Je dénote plusieurs périodes dans l’œuvre de Philippe Djian, et particulièrement la première, qui l’a révélé, dans laquelle on retrouve le cultissismique 37,2°, le matin, paru en 1985, et porté au cinéma par Jean-Jacques Beineix, en 1986. Ont suivi, Maudit Manège, en 1986, Échine, en 1988, Crocodiles, en 1989, Lent dehors, en 1991. 

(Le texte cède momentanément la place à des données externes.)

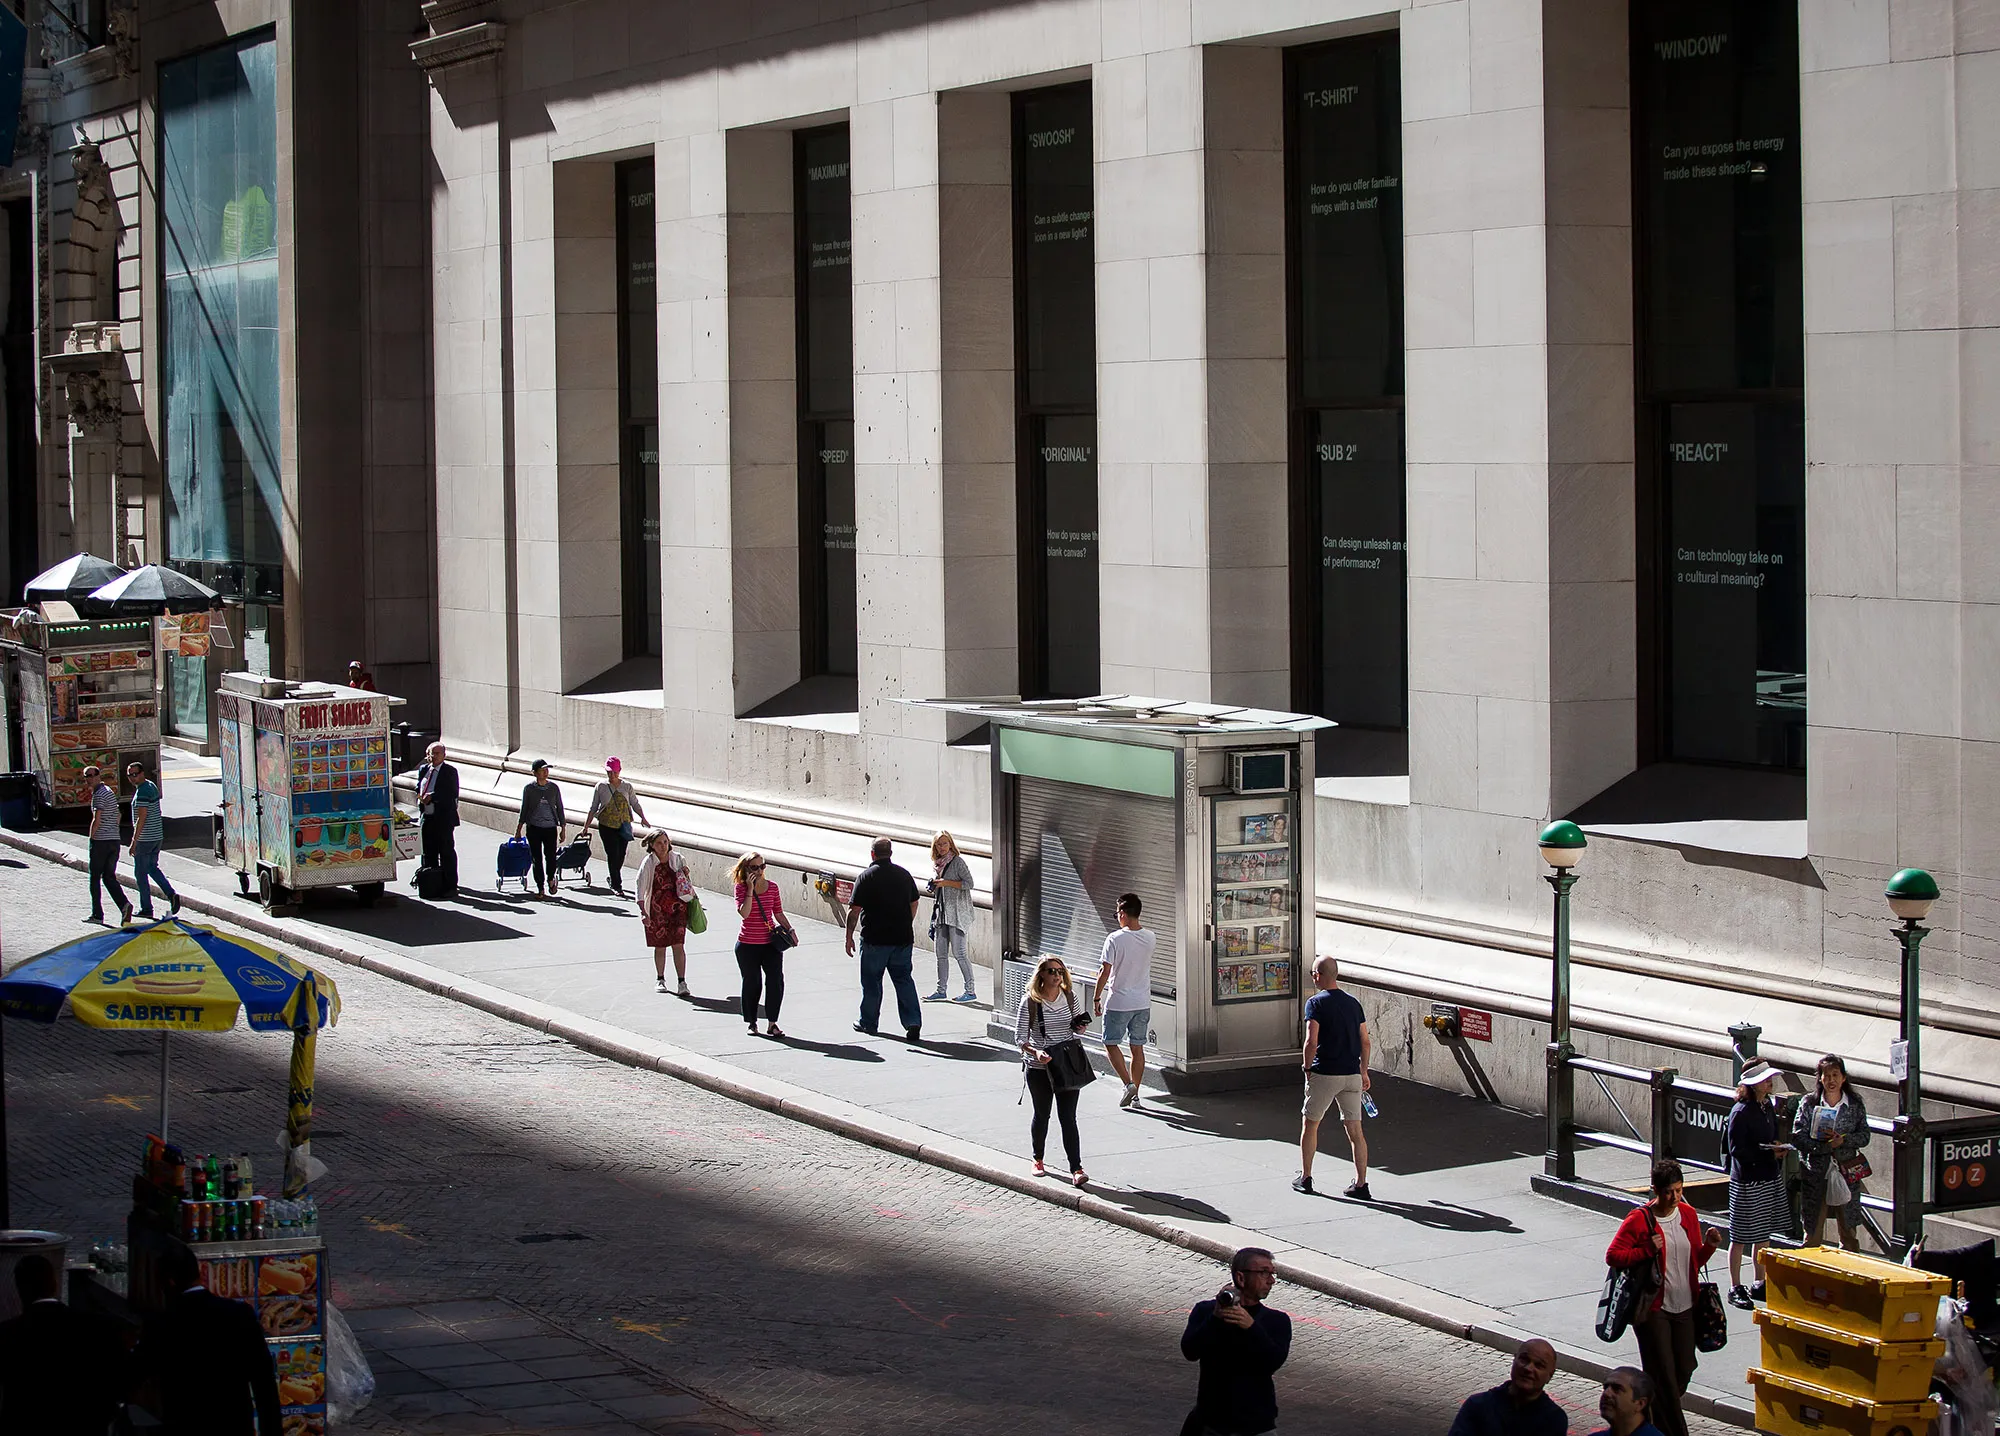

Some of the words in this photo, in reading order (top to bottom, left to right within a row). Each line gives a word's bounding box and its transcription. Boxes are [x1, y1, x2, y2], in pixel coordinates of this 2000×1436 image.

La suite de son œuvre importante parue sous la couverture blanche, me lassa rapidement. Pourtant, on y retrouvait tous les ingrédients qui faisaient de cette littérature une littérature qui compta dans la fin du XXe siècle et au commencement du suivant : le style de cet écrivain, qui martelait à la suite de Louis-Ferdinand Céline, que le style voilà tout ce qui comptait dans un roman, en marge, forcément, et qui m’avait tant marqué lorsque je n’étais encore, qu’un adolescent d’autrefois : l’utilisation répétitive des imparfaits pour exprimer une situation tragique, ce ton lourd et irréversible que le narrateur adopte lorsqu’il prend conscience d’un moment dramatique de sa vie, ce qui ne pouvait pas échapper à un jeune homme en devenir qui cherchait à voir la vie comme une longue et cruelle errance tragique.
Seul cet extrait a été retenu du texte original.